# Suns vs. Bulls



## Arclite (Nov 2, 2002)

First game of a three game homestand, followed by Milwaukee and New Orleans. Needless to say, anything other than 3-0 would be a huge disappointment. For some reason I have a bad feeling about tonight though, the Bulls have been so bad that they are due to get hot for a game and I think we are due for a bad game, and on top of that we will probably be looking past them. I still expect a big win though.

Suns 109
Bulls 91


----------



## Scinos (Jun 10, 2003)

I agree Arclite. Anything can happen, especially when teams overlook opponents. But, it should be a blowout win for the Suns. The Bulls also played last night, so they will probably be tired down the stretch.

Prediction: Suns win, 112-94.


----------



## Amareca (Oct 21, 2002)

3 assists by Amare in the first 6 minutes.

Twice off of penetration.


----------



## Amareca (Oct 21, 2002)

Make that 4.


----------



## Arclite (Nov 2, 2002)

Holy crap. The offense in the last 8 minutes of the half was awesome.

Amare looking for the trip-doub :laugh:.


----------



## Pan Mengtu (Jun 18, 2004)

:laugh: I'd hate to be the first team to lose to the Bulls.


----------



## Sad Mafioso (Nov 7, 2004)

I can't believe the Phoenix board can't even get more than 6 posts and the Chicago one already has 6 pages.

What a joke. Humiliate them you must.


----------



## Amareca (Oct 21, 2002)

Looks like Amare's 30+ points streak will be snapped.
Although in foul trouble 6 total shots for Amare doesn't cut it. They got away with it because it's just the Bulls but 5-24 from behind the arc is bad.

Q, Casey and Marion a combined 0-13 from behind the arc.


----------



## Pan Mengtu (Jun 18, 2004)

> Originally posted by <b>Sad Mafioso</b>!
> I can't believe the Phoenix board can't even get more than 6 posts and the Chicago one already has 6 pages.
> 
> What a joke. Humiliate them you must.


This board usually gets more.

The Bulls have more reason to be on the board all the time. Suns fans are busy watching good basketball. Bulls fans have no desire to look at the t.v.


----------



## Arclite (Nov 2, 2002)

Amare got his, but they ignored him for far too much of the game. It was disgusting to hear Bender talk about how great Casey was, when in reality he was pathetic and was a complete ball-hog. But that's expected, Bender is a complete moron and possibly the worst play-by-play ever. When you're so bad you make Tom Leander look good, you know you need to get out of the business. Anyways, if he's making his three's, I couldn't care less if he's shooting them but when he throws up 5 bricks in a period of about two minutes and keeps gunning, it's just sad. Luckily the Bulls were the Bulls. Deng looked good. Hinrich is an *******, I lost count of how many people he undercut tonight, and then he gets up with this bewildered look like "What did I do?"

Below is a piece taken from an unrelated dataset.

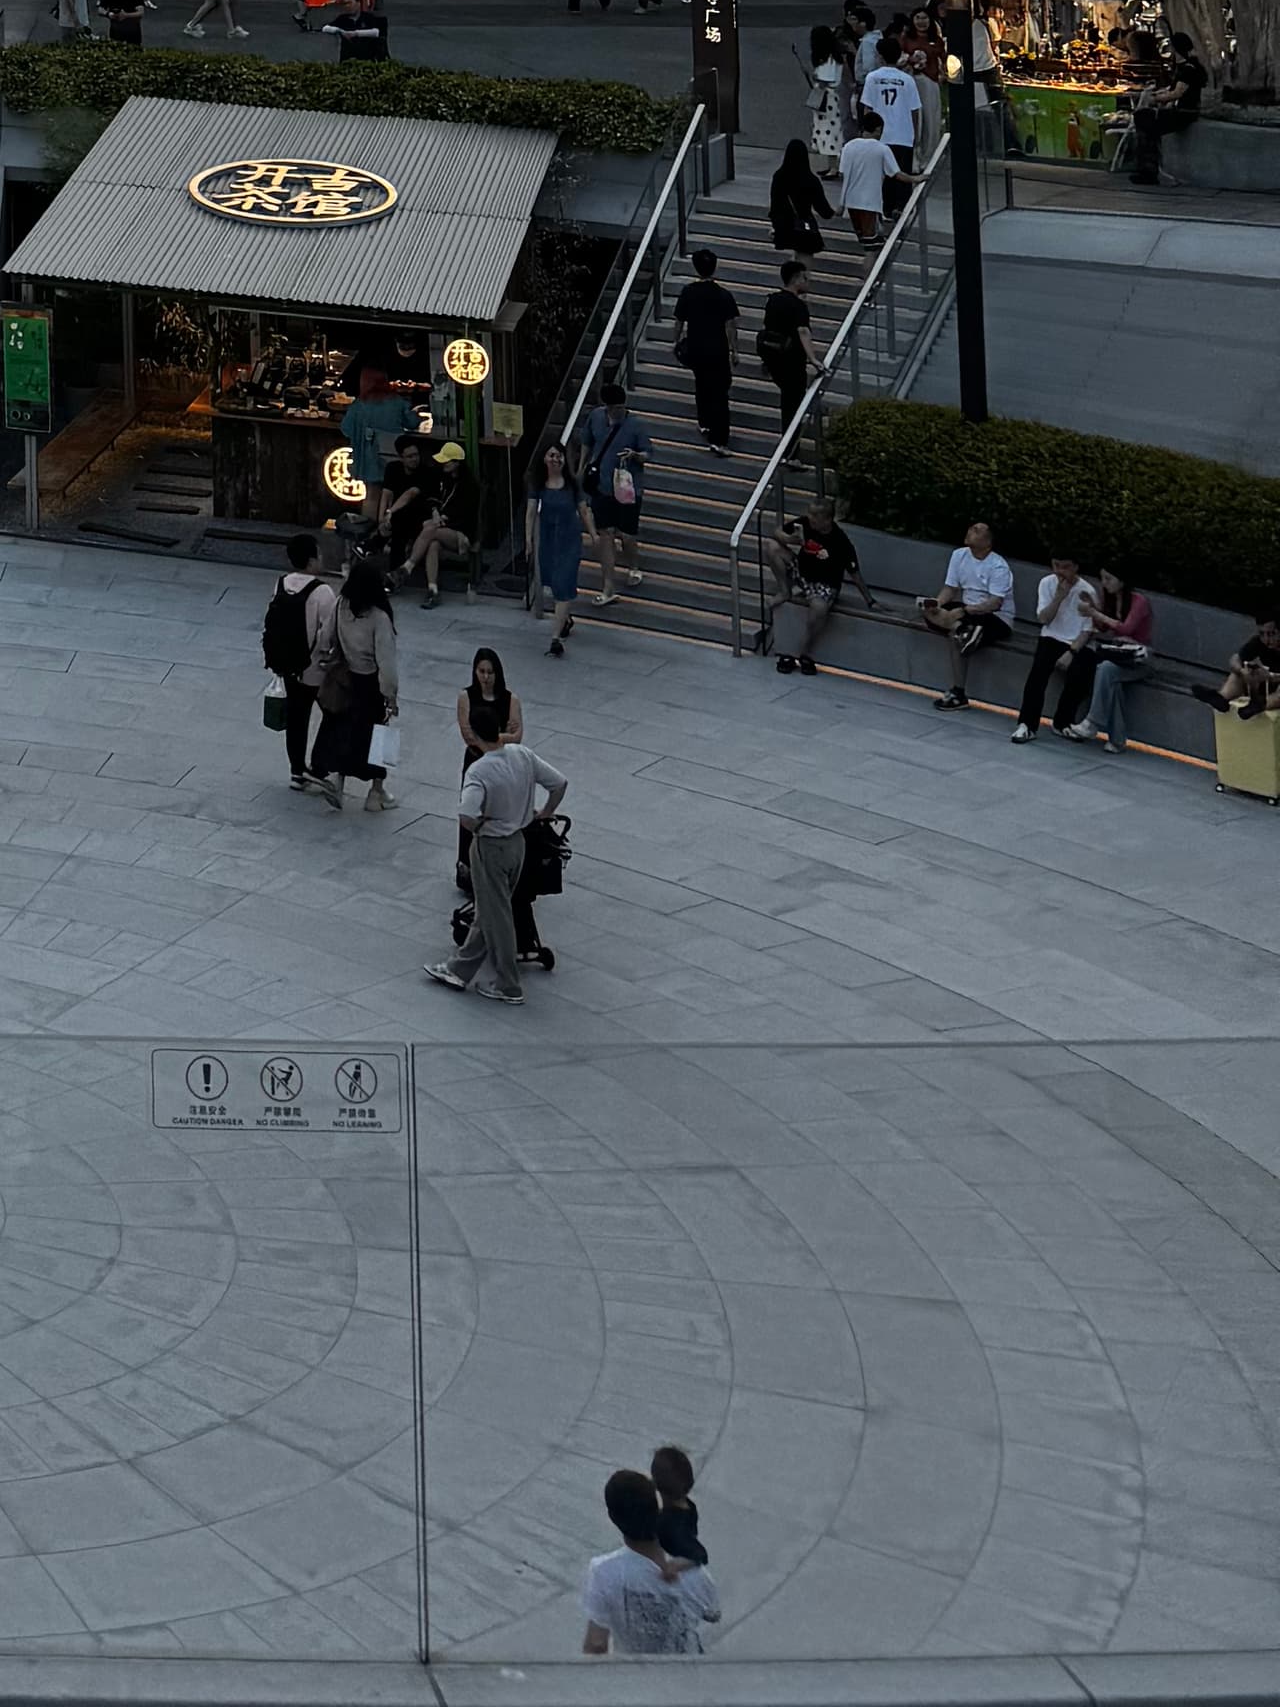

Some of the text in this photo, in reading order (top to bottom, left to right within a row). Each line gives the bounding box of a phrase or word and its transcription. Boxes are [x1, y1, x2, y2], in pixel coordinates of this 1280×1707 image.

[881, 89, 897, 105] 17
[172, 1117, 244, 1126] CAUTION DANGER
[332, 1120, 383, 1129] NO LEANING

Marion is a complete beast on the boards, I can't believe that guy.


----------



## Yao Mania (Aug 4, 2003)

Most impressive stat - 5 assts from Amare! I critcized him last year for swallowing the ball everytime he gets it down the post, but he proved me wrong today. Good for him.


----------



## Amare 320 (Nov 22, 2004)

yeh amare handed out some great ast's today wich really helped the suns ...`
ps amare's field goal % is pretty high he is taking some really good shots wich is helping the suns win....


----------



## Lukasbmw (Jul 30, 2004)

Once again I missed that game but was able to read a review. Apparently the Suns once again struggled with a Zone defense. We gotta figure this out FAST if we want to keep the best record in the NBA.

I also hear Q got hurt. I hope he is OK. Yet I can't help but wonder if this will help him get back on track. He can't come back and play offense any worse then he has been playing latley.


----------



## italianBBlover (Mar 5, 2003)

> Originally posted by <b>Lukasbmw</b>!
> Apparently the Suns once again struggled with a Zone defense.

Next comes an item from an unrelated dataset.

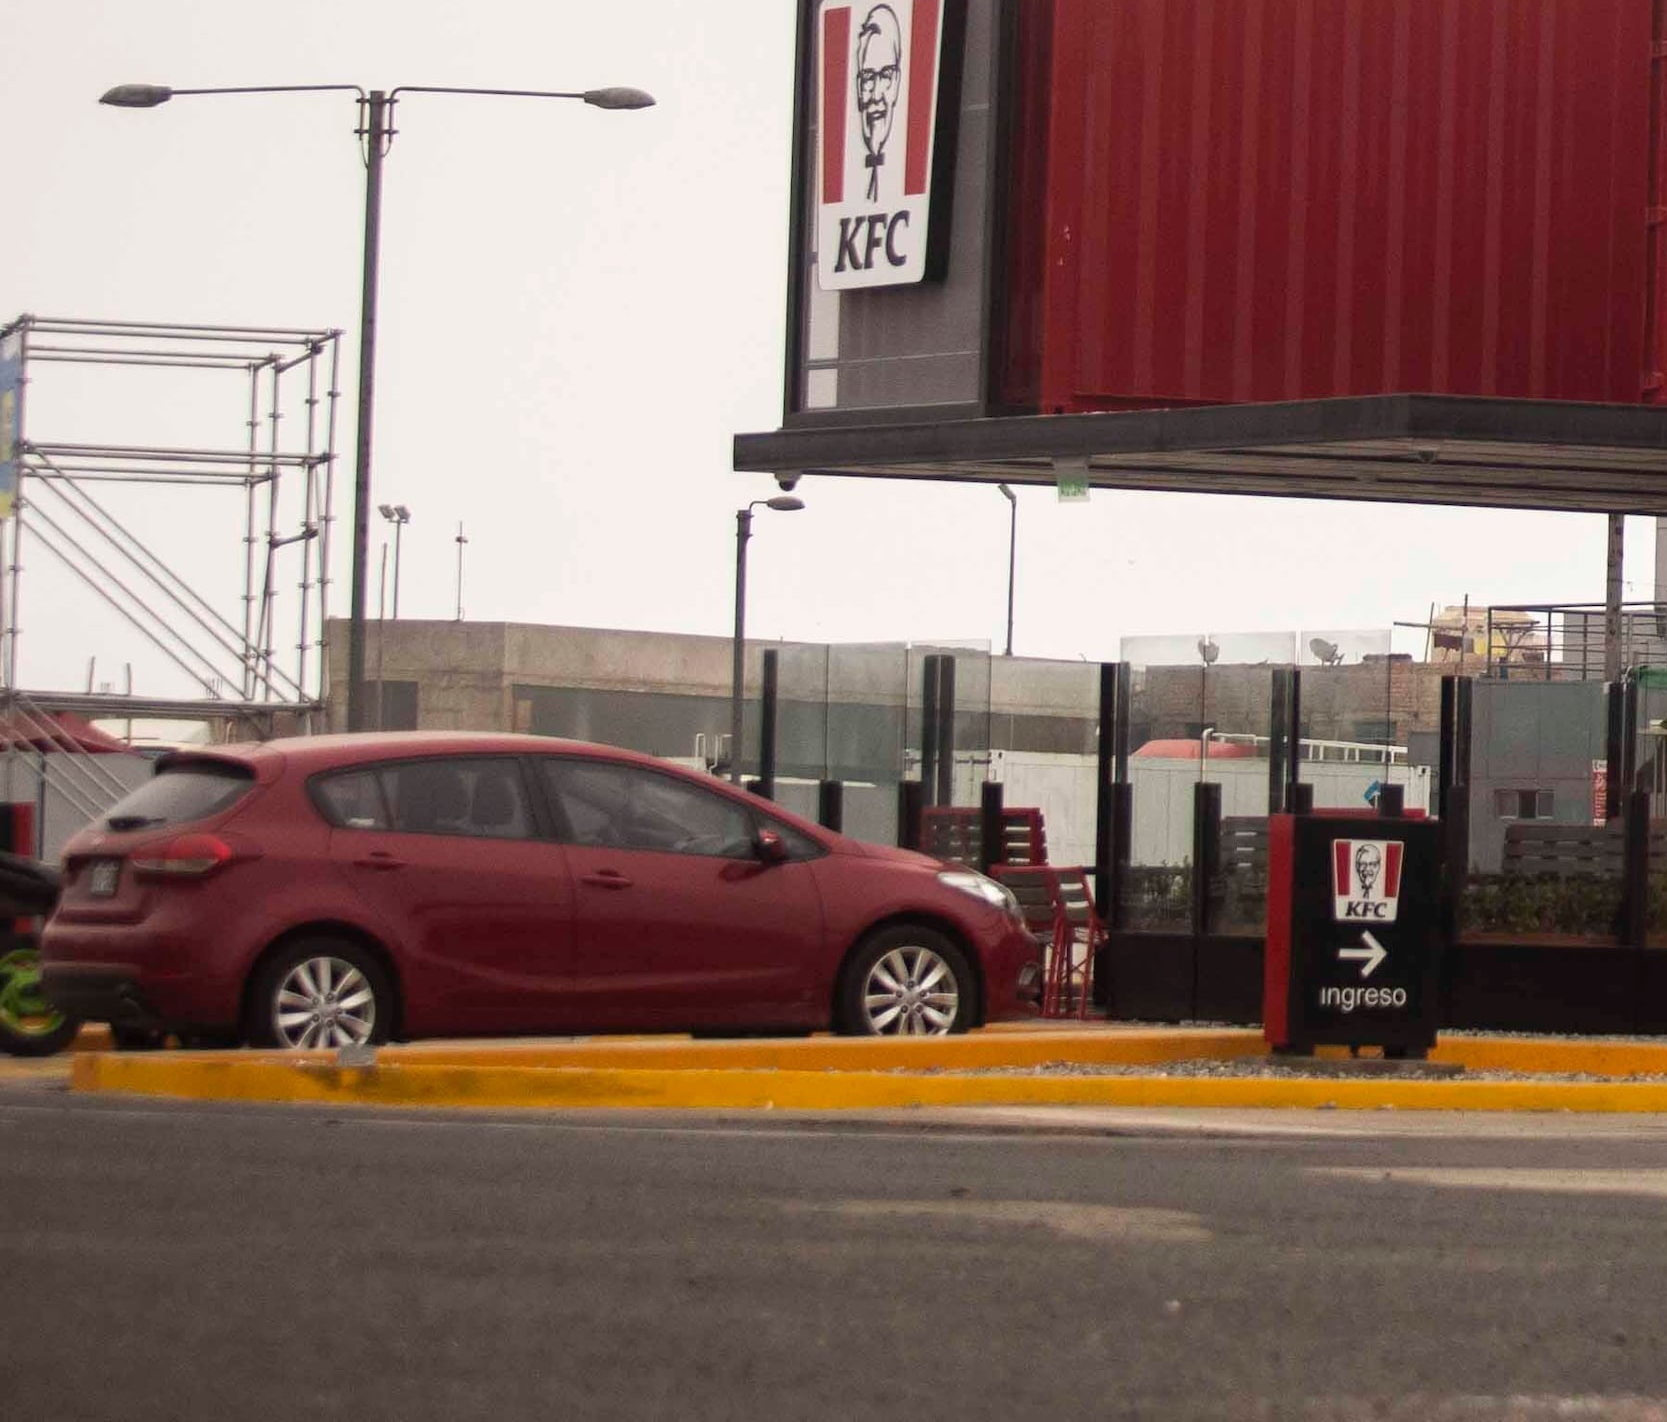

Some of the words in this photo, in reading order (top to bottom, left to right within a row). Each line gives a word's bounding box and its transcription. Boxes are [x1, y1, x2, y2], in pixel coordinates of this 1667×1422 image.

[834, 210, 910, 273] KFC
[1345, 901, 1388, 918] KFC
[1319, 986, 1408, 1012] ingreso

This surprise me a lot ... D'Antoni has problem with zone ? just incredible, because Mike should be one of the best (if not the best) expert of zone in NBA.


----------



## Arclite (Nov 2, 2002)

We struggled with the zone because at first we didn't look inside at all and we missed open three after open three. It actually doesn't bother me, I hope teams see that and decide to zone up on us as we will not shoot as badly on open three's as we have been. Once we looked inside to Amare we were picking the zone apart and Skiles went back to man.


----------



## italianBBlover (Mar 5, 2003)

> Originally posted by <b>Arclite</b>!
> We struggled with the zone because at first we didn't look inside at all and we missed open three after open three. It actually doesn't bother me, I hope teams see that and decide to zone up on us as we will not shoot as badly on open three's as we have been. Once we looked inside to Amare we were picking the zone apart and Skiles went back to man.


All clear.

Doing the threes is important with the zone, and guys like Nash and Marion are pretty good 3-pointers.
A bad evening with it can be a problem with zone but, as you said, if the three don't go, try with Amare under the basket breaking the zone from the middle (classic here).

Gretz and good luck to "Michele" D'Antoni :grinning: 

A lot of italians are following the Suns right now thanks to the presence of Mike.


----------



## Arclite (Nov 2, 2002)

> Originally posted by <b>italianBBlover</b>!
> 
> A lot of italians are following the Suns right now thanks to the presence of Mike.


That's good to know, because we sure as hell know Serbians aren't following Zarko :laugh:.

:no: Man he's terrible.


----------